• **REQUIREMENT**:
Repeat each record exactly as written, and drop any images.

• **TASK DATA**:
══════════

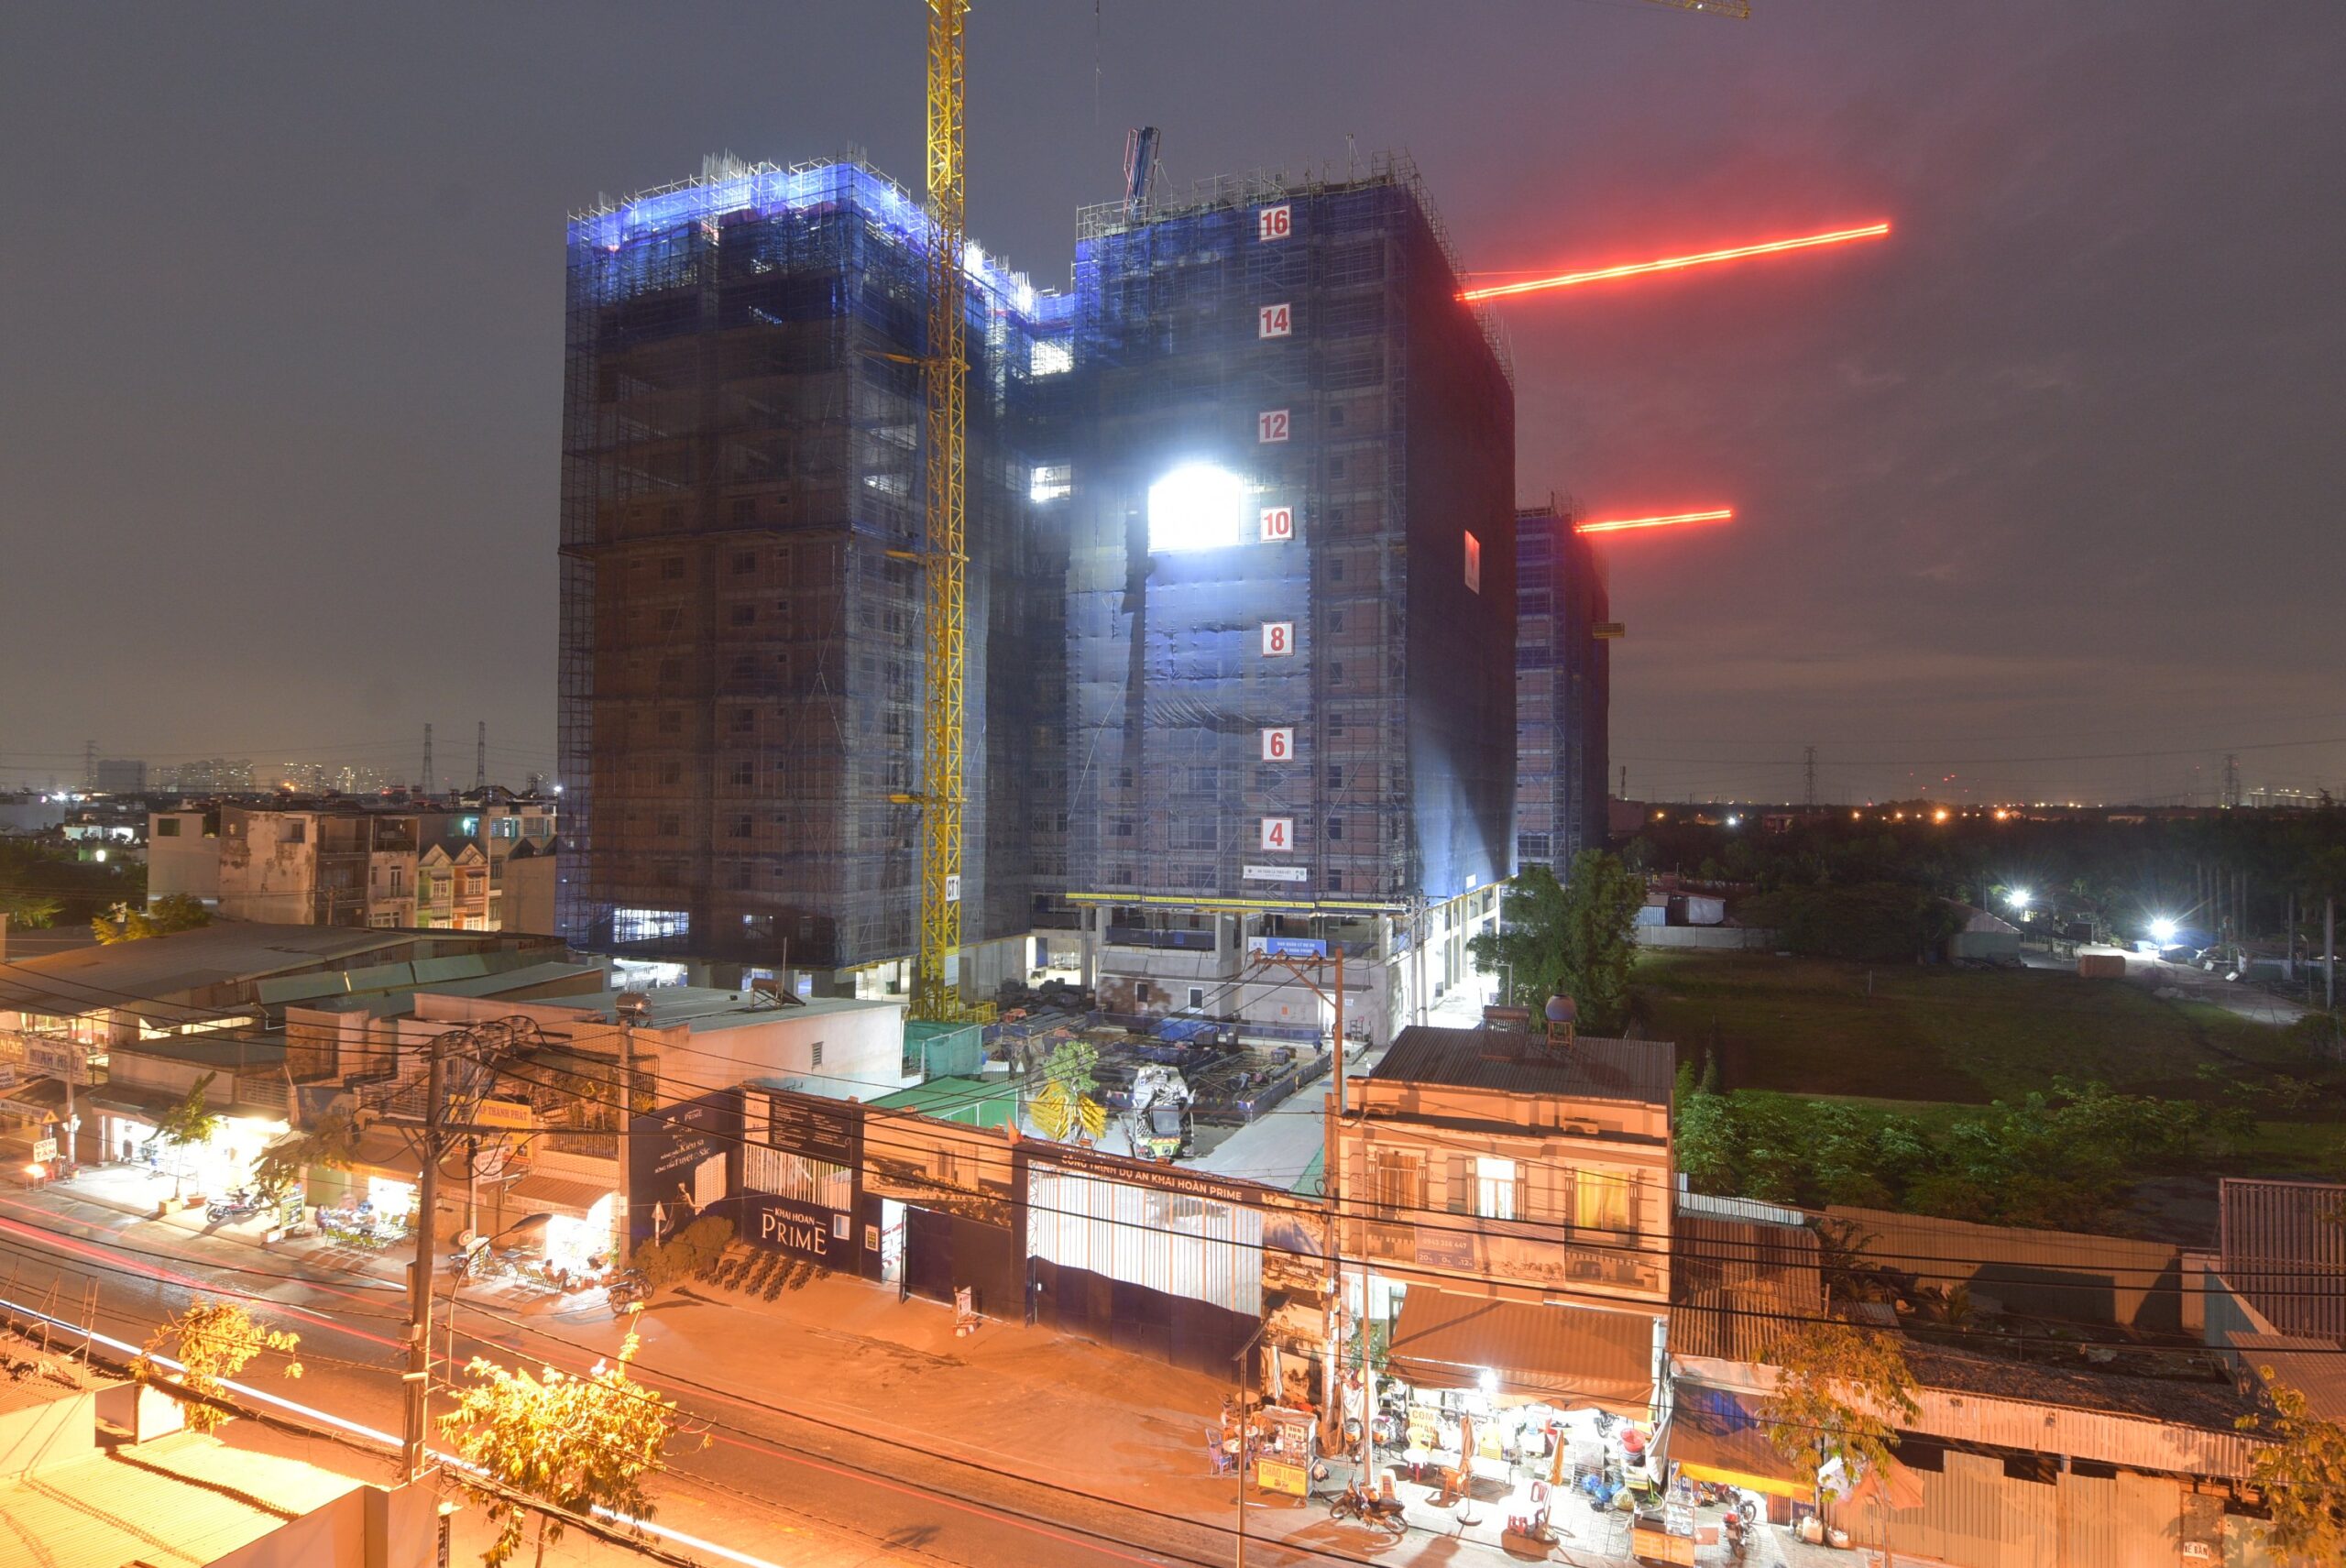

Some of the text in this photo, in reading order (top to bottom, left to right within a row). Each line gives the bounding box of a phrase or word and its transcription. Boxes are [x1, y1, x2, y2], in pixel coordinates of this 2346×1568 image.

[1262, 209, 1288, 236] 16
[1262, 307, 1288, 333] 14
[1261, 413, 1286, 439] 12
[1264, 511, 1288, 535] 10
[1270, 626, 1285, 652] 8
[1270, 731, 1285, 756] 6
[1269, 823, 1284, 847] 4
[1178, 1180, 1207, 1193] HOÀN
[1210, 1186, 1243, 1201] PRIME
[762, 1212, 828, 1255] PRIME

══════════

• **ANSWER**:
Some of the text in this photo, in reading order (top to bottom, left to right within a row). Each line gives the bounding box of a phrase or word and its transcription. Boxes are [x1, y1, x2, y2], in pixel coordinates of this 2346×1568 image.

[1262, 209, 1288, 236] 16
[1262, 307, 1288, 333] 14
[1261, 413, 1286, 439] 12
[1264, 511, 1288, 535] 10
[1270, 626, 1285, 652] 8
[1270, 731, 1285, 756] 6
[1269, 823, 1284, 847] 4
[1178, 1180, 1207, 1193] HOÀN
[1210, 1186, 1243, 1201] PRIME
[762, 1212, 828, 1255] PRIME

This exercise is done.